Stéphane Mallarmé as a faun, cover of the literary magazine Les hommes d'aujourd'hui, 1887.

Man Ray's last film, entitled Les Mystères du Château de Dé (The Mystery of the Chateau of Dice) (1929), was greatly influenced by Mallarmé's work, prominently featuring the line "A roll of the dice will never abolish chance".

Mallarmé is referred to extensively in the latter section of Joris-Karl Huysmans' À rebours, where Des Esseintes describes his fervour-infused enthusiasm for the poet: "These were Mallarmé's masterpieces and also ranked among the masterpieces of prose poetry, for they combined a style so magnificently that in itself it was as soothing as a melancholy incantation, an intoxicating melody, with irresistibly suggestive thoughts, the soul-throbs of a sensitive artist whose quivering nerves vibrate with an intensity that fills you with a painful ecstasy." [p. 198, Robert Baldick translation]

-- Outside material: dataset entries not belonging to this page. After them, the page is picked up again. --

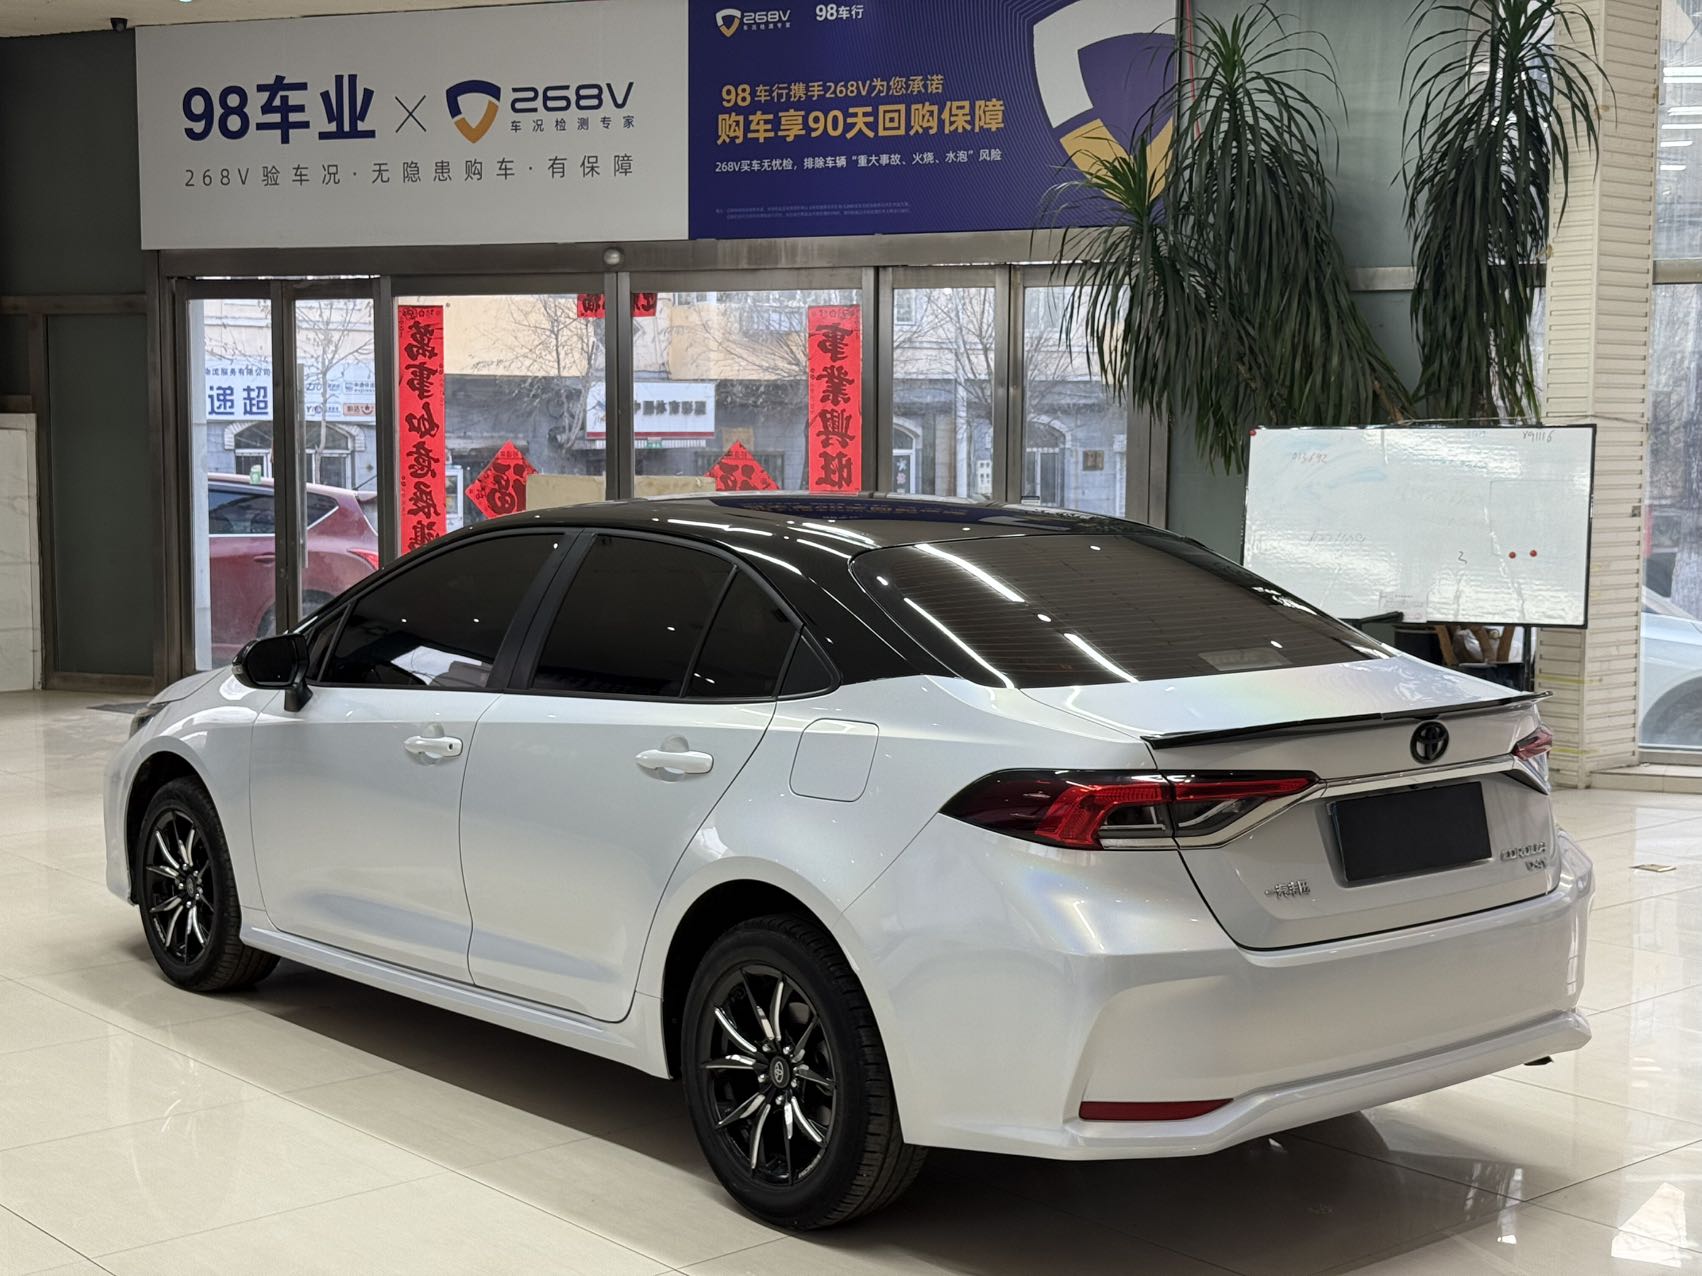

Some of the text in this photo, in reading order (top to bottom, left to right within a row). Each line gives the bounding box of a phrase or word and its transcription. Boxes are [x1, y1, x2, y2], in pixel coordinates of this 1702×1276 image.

[743, 10, 791, 23] 268V
[815, 4, 864, 21] 98车行
[182, 74, 376, 145] 98车业
[510, 81, 634, 114] 268V
[716, 98, 1005, 145] 购车享90天回购保障
[510, 115, 635, 133] 车况检测专家
[208, 385, 269, 416] 递超

The critic and translator Barbara Johnson has emphasized Mallarmé's influence on twentieth-century French criticism and theory: "It was largely by learning the lesson of Mallarmé that critics like Roland Barthes came to speak of 'the death of the author' in the making of literature. Rather than seeing the text as the emanation of an individual author's intentions, structuralists and deconstructors followed the paths and patterns of the linguistic signifier, paying new attention to syntax, spacing, intertextuality, sound, semantics, etymology, and even individual letters. The theoretical styles of Jacques Derrida, Julia Kristeva, Maurice Blanchot, and especially Jacques Lacan also owe a great deal to Mallarmé's 'critical poem.'"[5]

Un Coup de Dés

Mallarmé during his career.

It has been suggested that much of Mallarmé's work influenced the conception of hypertext, with his purposeful use of blank space and careful placement of words on the page, allowing multiple non-linear readings of the text. This becomes very apparent in his work Un coup de dés.

On the publishing of "Un Coup de Dés" and its mishaps after the death of Mallarmé, consult the notes and commentary of Bertrand Marchal for his edition of the complete works of Mallarmé, Volume 1, Bibliothèque de la Pléiade, Gallimard 1998. To delve more deeply, consult "Igitur, Divagations, Un Coup de Dés," edited by Bertrand Marchal with a preface by Yves Bonnefoy, nfr Poésie/Gallimard.

In 1990, Greenhouse Review Press published D. J. Waldie's American translation of Un Coup de Dés in a letterpress edition of 60 copies, its typography and format based on examination of the final (or near final) corrected proofs of the poem in the collection of Harvard's Houghton Library.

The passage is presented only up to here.